It isn't like being disappointed that the mando you bought wasn't an actual _Lloyd Loar_.
Just play play play.

----------


## Kevin Stevens

MONami- I definitely don't have a frown. I just would like to know the history of what I have, it part of the fun of it for me.

The trip to the luthier didn't go as well as I had hoped. He didn't seem to want to even look at it or listen to my story, and I didn't stay long. He was too busy due to the fact he had 2 people in  the store. Told me it was a perfectly good mandolin that didn't need any further set up. He was more of a guitar and violin person, and I could tell he didn't much care for Pac-Rim instruments. 

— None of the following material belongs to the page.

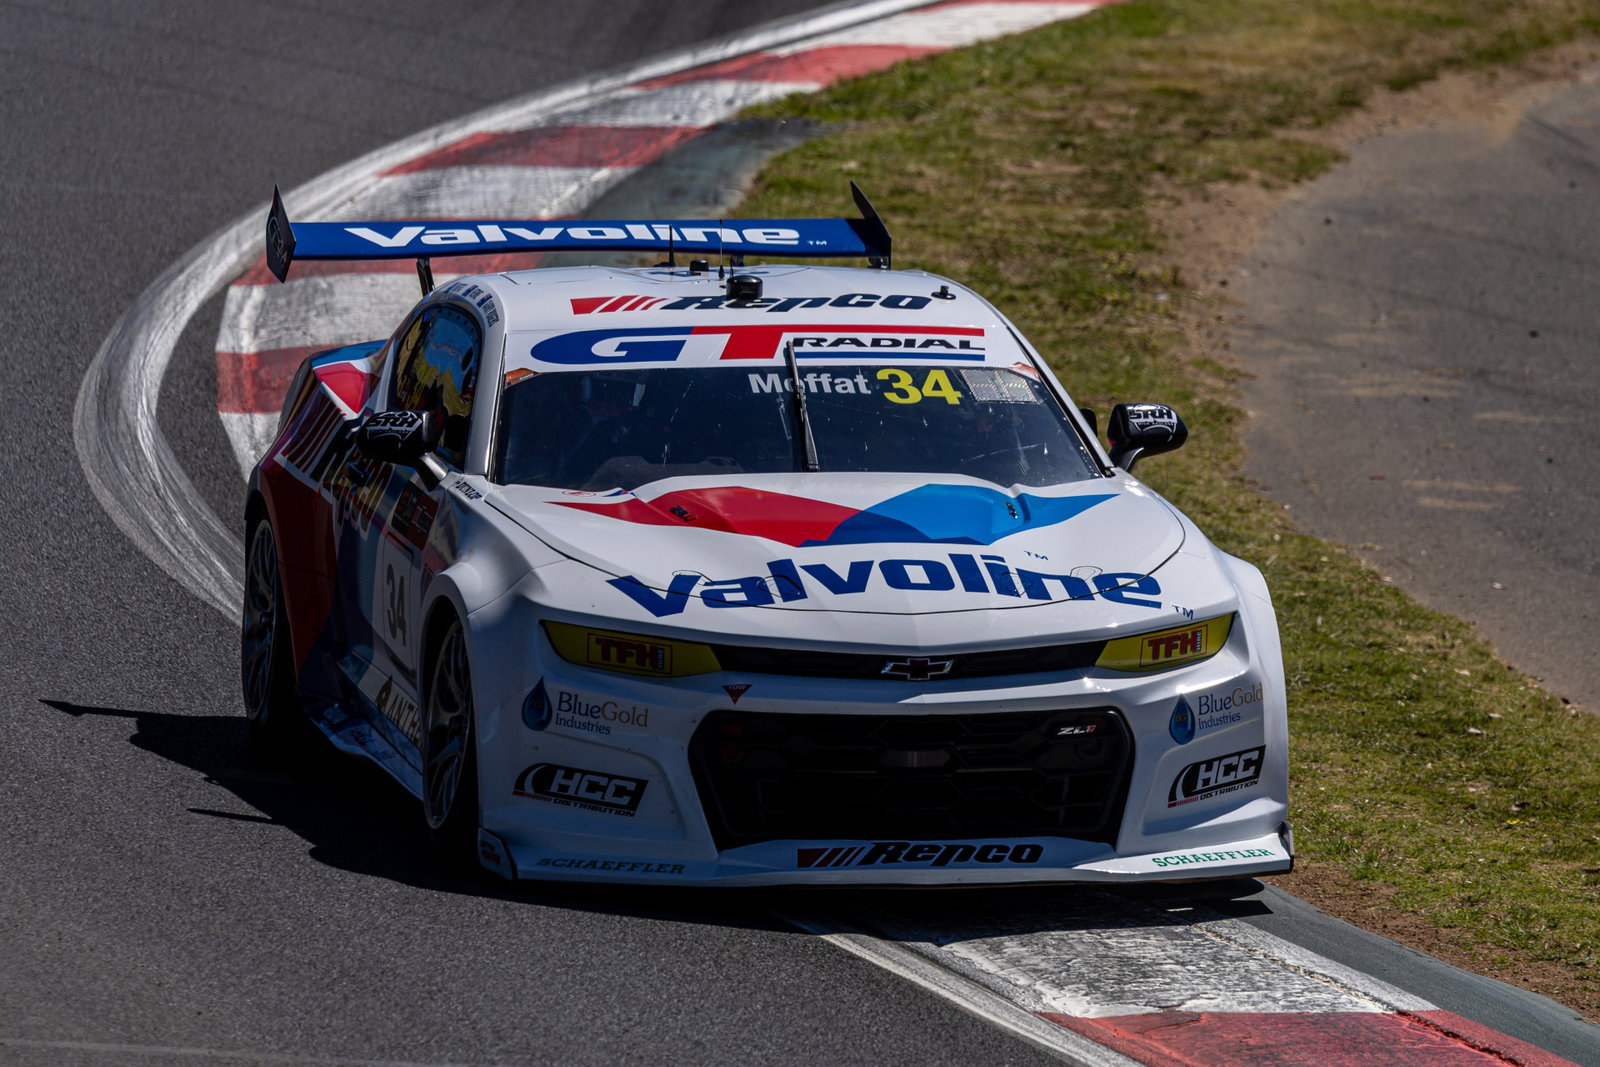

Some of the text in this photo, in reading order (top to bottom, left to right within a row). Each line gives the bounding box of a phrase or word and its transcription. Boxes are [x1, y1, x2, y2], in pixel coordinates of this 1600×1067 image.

He did tell me that the instrument was x-braced and didn't have tone bars. I was under the impression that The Loar 400's and 700's didn't have either. I mentioned that to him and he was very insistent that all mandolins have one or the other or else the top would collapse. Not having time to discuss it any further with someone who didn't seem to want to assist me anyway, I left. He just lost a customer when I am ready to buy a Weber or Collings or other brands he stocked. 

Not sure if he is accurate about the X Bracing , but he did take it into the back to check it, I assume with a mirror or something.

----------


## Clement Barrera-Ng

I think finding out about the origins of your instruments, whatever it may be, can be fun; just like learning the history about a particular piece of music can enhance one's enjoyment of it.  

It is correct that both Loar 400 and 700 have no tone bars or bracing of any kind, at least in the production models.  The topic has been discussed before, and it is generally agreed by experts that unlike a flat top guitar, the arched mandolin top really doesn't need the braces to be structurally sound. The bars are there more for tonal reason, to enhance or dampen certain frequency range(s) in the tone of the mandolin.   

Given the lukewarm response of your luthier, I think you may want to do some of the inspection yourself.  It's actually quite easy, and I found this old thread on the cafe that sorta explains how.  Just be careful and I think you'll be fine: 

http://www.mandolincafe.com/forum/sh...ide-a-mandolin

I'm pretty excited for you. Let us know what you find out

----------


## G. Fisher

It does have tonebars if it's x-braced.

----------


## kydave

X braced Loar F-style mandolin?

He did you a favor by not looking. He doesn't know his ass from a hole in the ground.

Pardon... Did he actually look or just conclude it was X braced by looking at the headstock?  If he actually looked and saw an X, I apologize.  Of course, then it wouldn't be a Loar F-style mandolin... ;-)

----------


## Paul Hostetter

> Had no idea...that both Weber and Sumi had produced some prototypes.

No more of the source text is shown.